PyTorch has become the dominant choice in academic research and is rapidly closing the gap in production systems. Understanding its foundations means you can read any ML paper's code, contribute to AI projects, and stop copy-pasting model architectures you don't understand.
The core problem PyTorch solves is bridging the gap between 'I have an idea for a model' and 'I have a working, trained model.' Frameworks like raw NumPy can store data, but they can't automatically track how a change in one number ripples through a thousand operations to affect a final error score. PyTorch does this invisibly with its autograd engine — and as of 2026, that engine underpins everything from two-layer regression models to the transformer architectures powering production LLMs.
The most common production failure I see: developers understand the happy path but not the failure modes. Training loops that silently accumulate gradients, validation code that forgets model.eval(), and inference that wastes GPU memory by not disabling autograd. This guide covers both the concepts and the production gotchas — because shipping a model that actually works in production is a different skill from getting a notebook to converge.
Why Gradient Accumulation Is Not a Free Lunch
Gradient accumulation is a technique that simulates larger batch sizes by summing gradients over multiple forward-backward passes before performing a single optimizer step.
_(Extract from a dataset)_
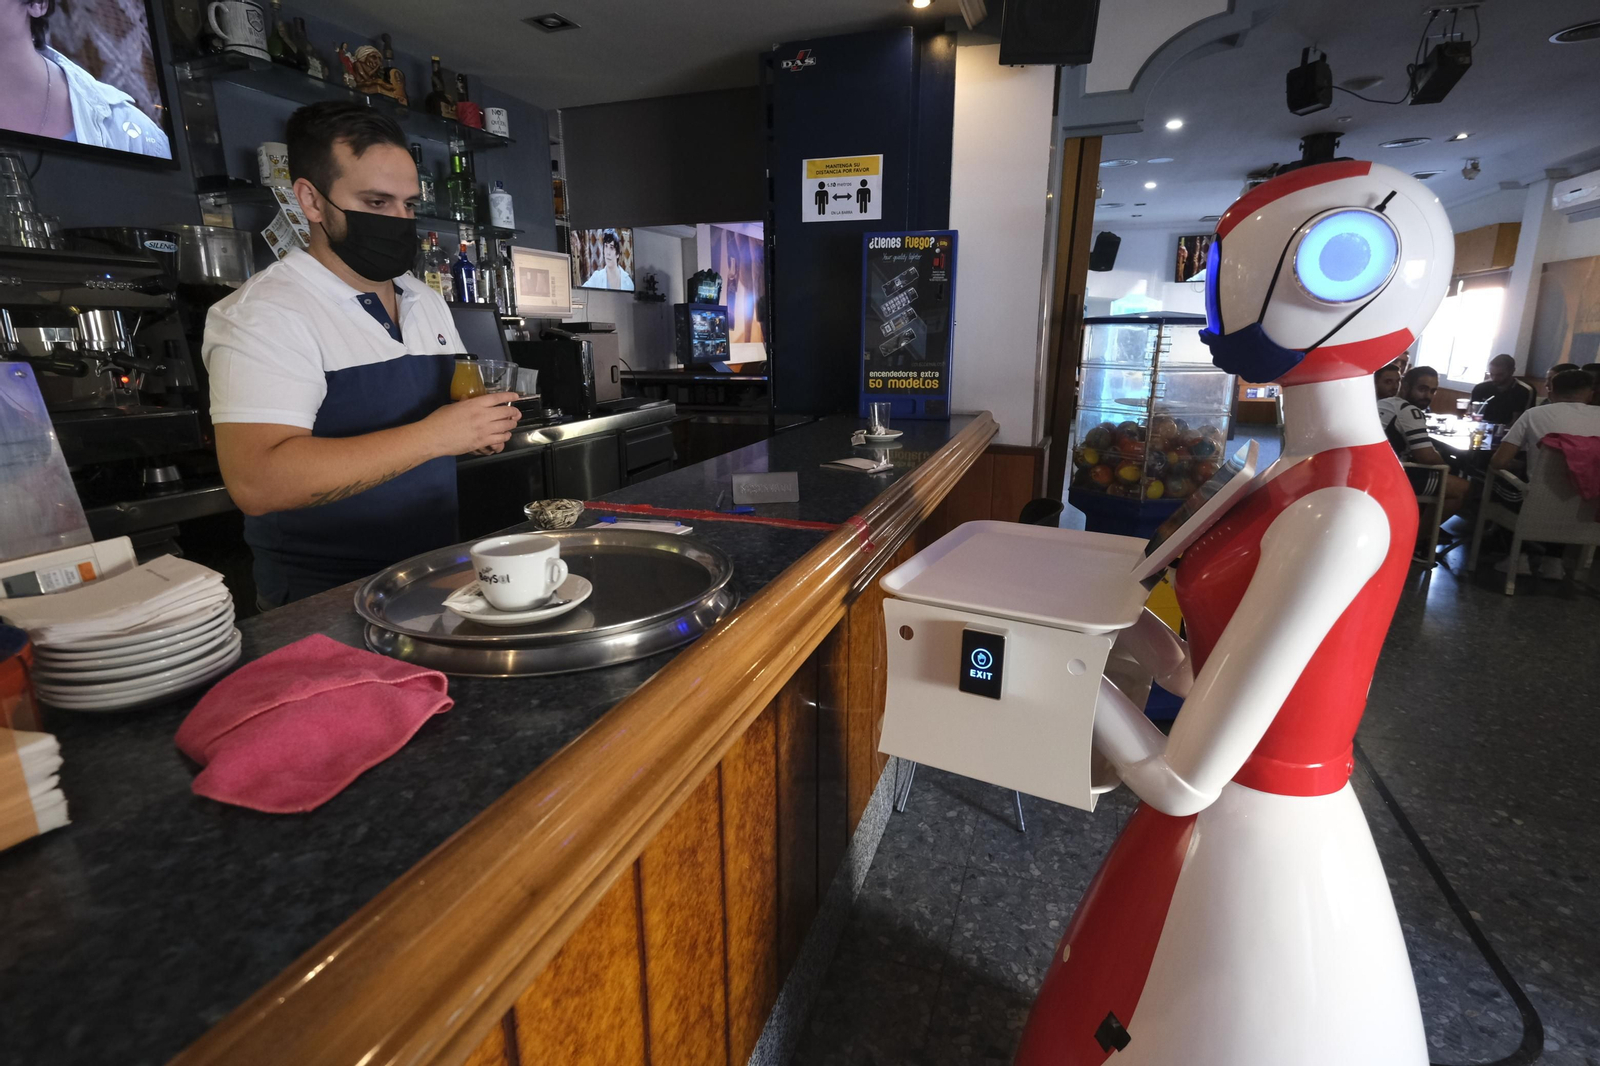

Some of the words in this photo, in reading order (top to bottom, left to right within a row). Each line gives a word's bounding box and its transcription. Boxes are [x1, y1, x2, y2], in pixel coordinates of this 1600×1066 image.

Instead of updating weights after every batch, you accumulate gradients across N micro-batches, then step. This lets you train with effective batch sizes that exceed GPU memory limits — a 4GB card can simulate a 256-sample batch by accumulating 32 micro-batches of 8 samples each.
In practice, gradient accumulation changes the training dynamics in subtle ways. Each micro-batch computes gradients independently, but the optimizer sees only the accumulated sum. This means batch normalization statistics are computed per micro-batch, not per effective batch — a common source of silent degradation. Also, gradient clipping must be applied to the accumulated gradient, not per micro-batch, or you'll distort the gradient scale. The effective learning rate should remain tied to the effective batch size, not the micro-batch size, or convergence suffers.
Use gradient accumulation when your GPU memory cannot hold the desired batch size — typically for large models (transformers, CNNs with high-res inputs) or high-resolution images. It is not a substitute for proper batch normalization handling; you must either freeze BN stats or use sync BN across micro-batches. In production, teams often hit a 200-epoch silent failure: the model trains fine for 150 epochs, then plateaus or diverges because BN statistics drifted from the true distribution over the effective batch.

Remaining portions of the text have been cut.